Even in earthly things men look for guidance to the stars. A man lost on the prairie may find his way home by the stars. In navigation, sailors look to the stars, especially to the North Star. In an important survey, we always run our base-lines by the stars, particularly the North Star: and so keep them from becoming crooked and distorted. Thus these `luminaries,’ these ‘heavenly lights’ in this dark world, need to remember that those who walk in darkness have their eyes upon them: but just as other stars point to the North Star, let us ever have our eye fixed on ‘The Bright and Morning Star,’ and then our path will not be crooked, and we shall not lead astray those watching us. It was a star which led the wise men to the Savior at Bethlehem when He was a Babe. How good if we too can be like that!
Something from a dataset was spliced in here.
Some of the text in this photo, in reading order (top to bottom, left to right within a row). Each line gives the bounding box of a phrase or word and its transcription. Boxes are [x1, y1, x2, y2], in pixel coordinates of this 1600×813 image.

And while the Christian sheds this heavenly light in the poor dark world, at the same time he is to hold out— to offer— the Word of Life. The word translated “hold out” is used of holding out, or, presenting, a cup of wine to a person at a feast. It is as though he holds out a cup of the water of life, and offers it to all in the world, crying, “Whosoever will, let him take the Water of Life freely!” (Rev. 22:17).
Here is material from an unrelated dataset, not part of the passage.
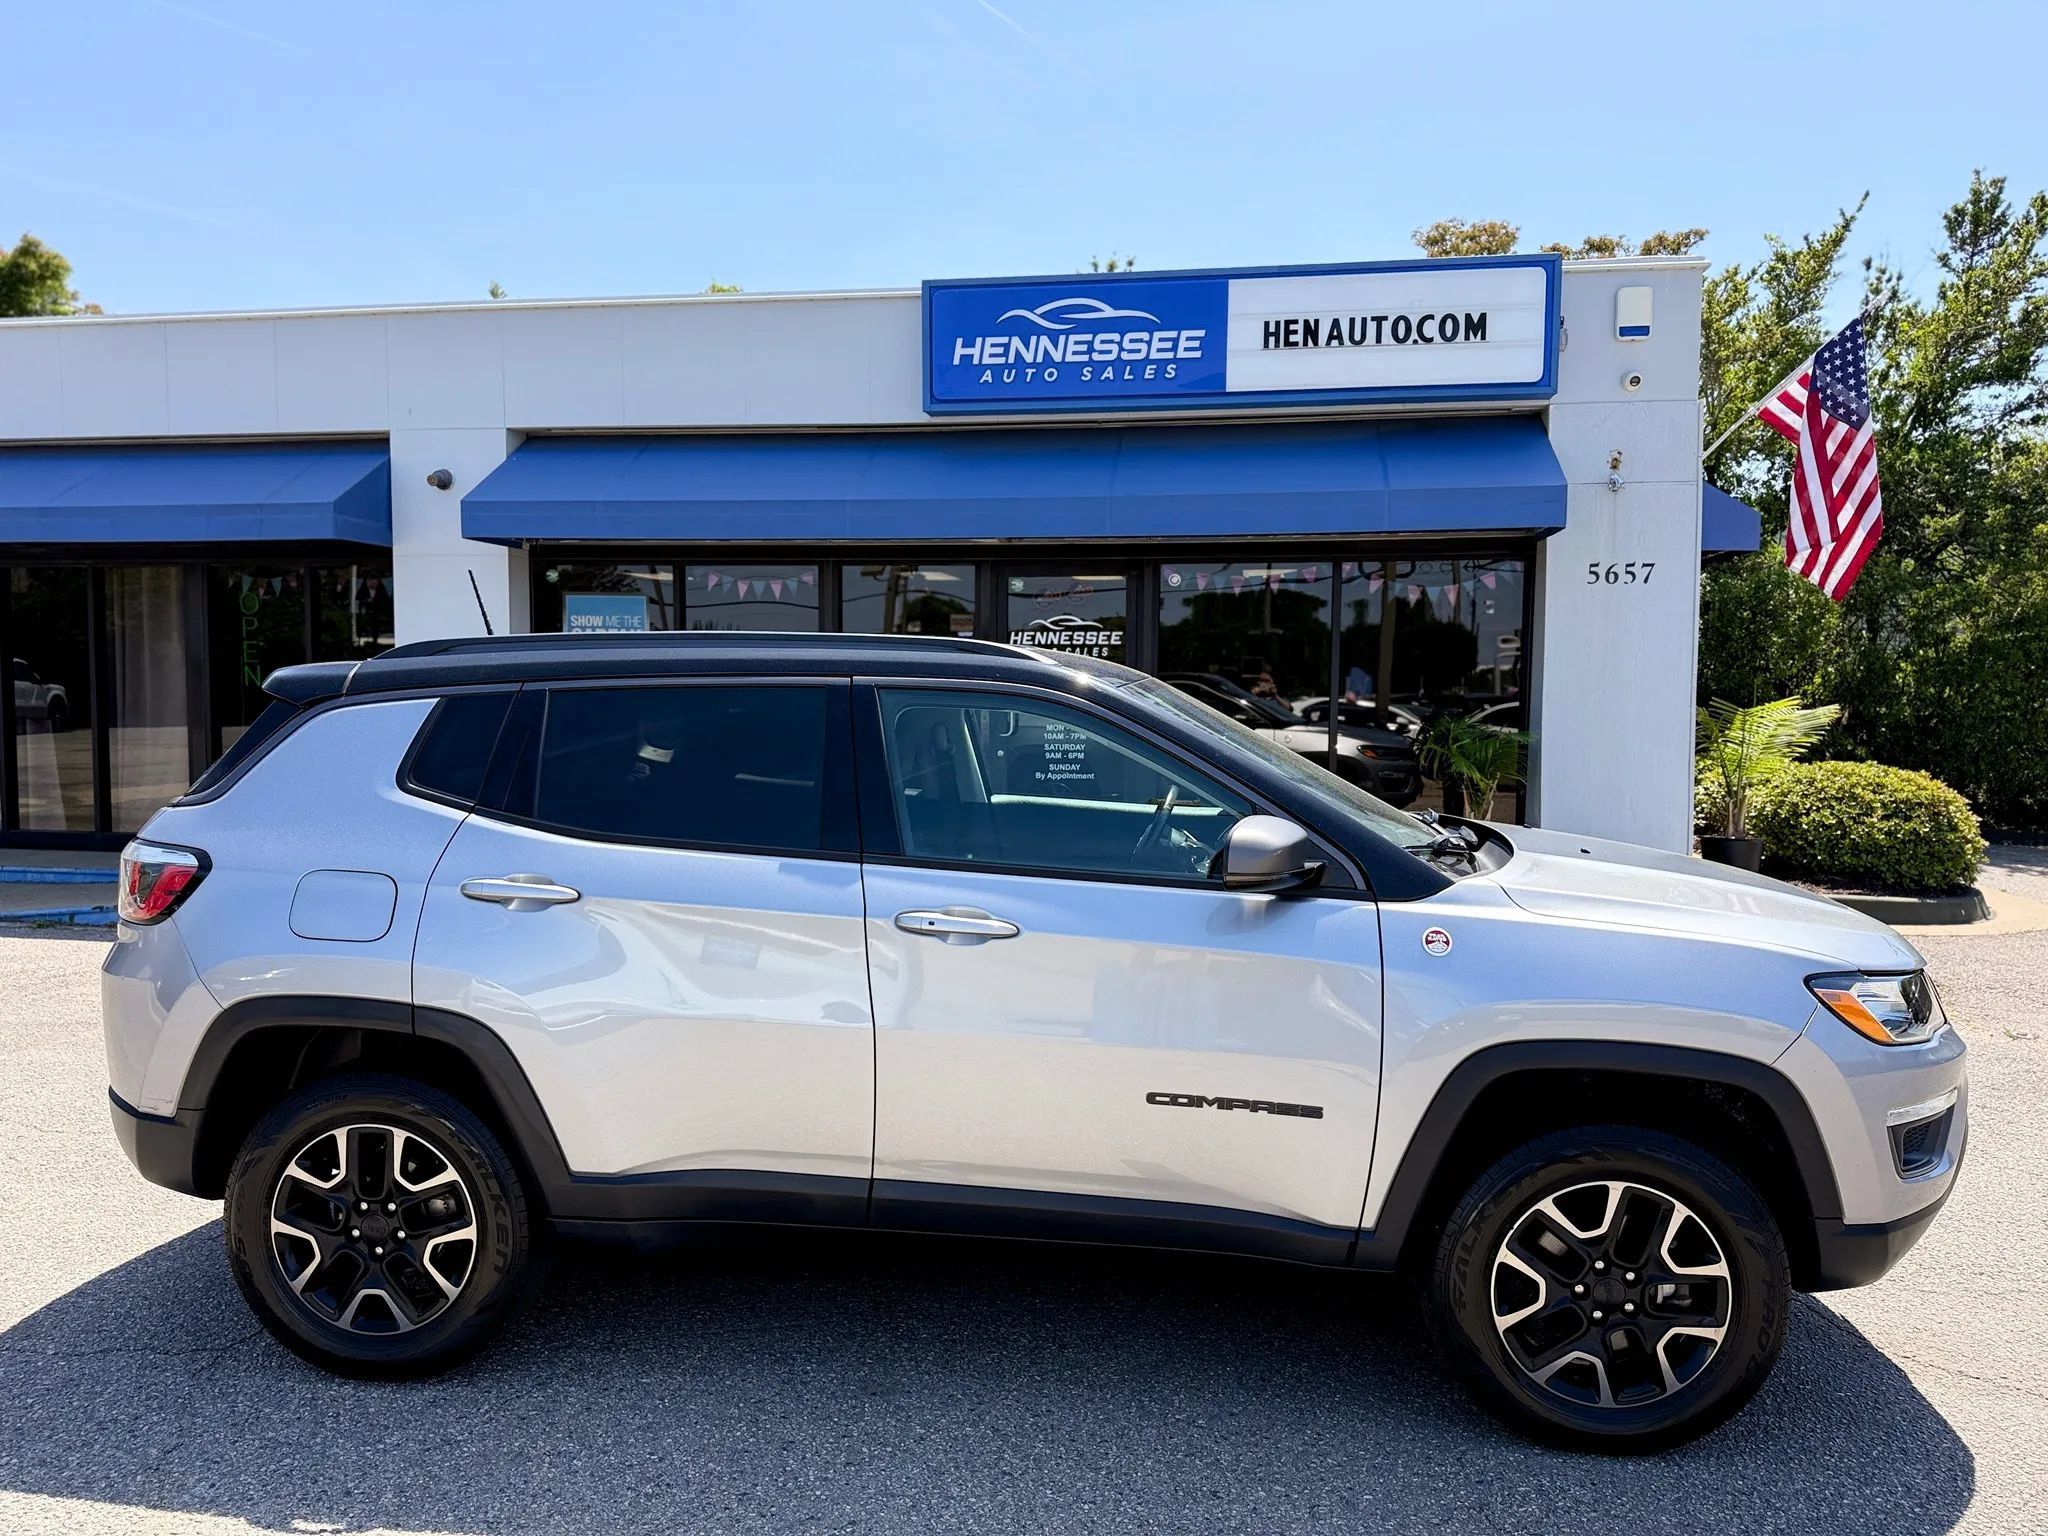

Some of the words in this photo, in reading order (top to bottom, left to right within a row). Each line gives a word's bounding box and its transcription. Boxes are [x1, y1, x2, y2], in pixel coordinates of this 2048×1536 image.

Beloved, such is the picture the Spirit of God has drawn of the Christian as he passes through this scene. Do you turn from it in hopeless despair, saying, “Never can I attain to such heights as this?” You are right. You never can, most certainly, in your own strength: but never forget, “It is God that worketh in you.” And you may turn to One, and only One, Who ever has passed through this sad world and presented these seven lovely traits, or results. In this exquisite chapter we have seen this One treading those seven steps downward, from the throne to the cross: we have seen Him also on that upward path from the grave to the glory, again seven steps: and now, in rapture, we gaze upon Him once more, in these seven steps through this world: the only One Who ever has trodden that path, as God has marked it out. May you and I, Beloved, seek grace to “follow His steps!” (1 Peter 2:21).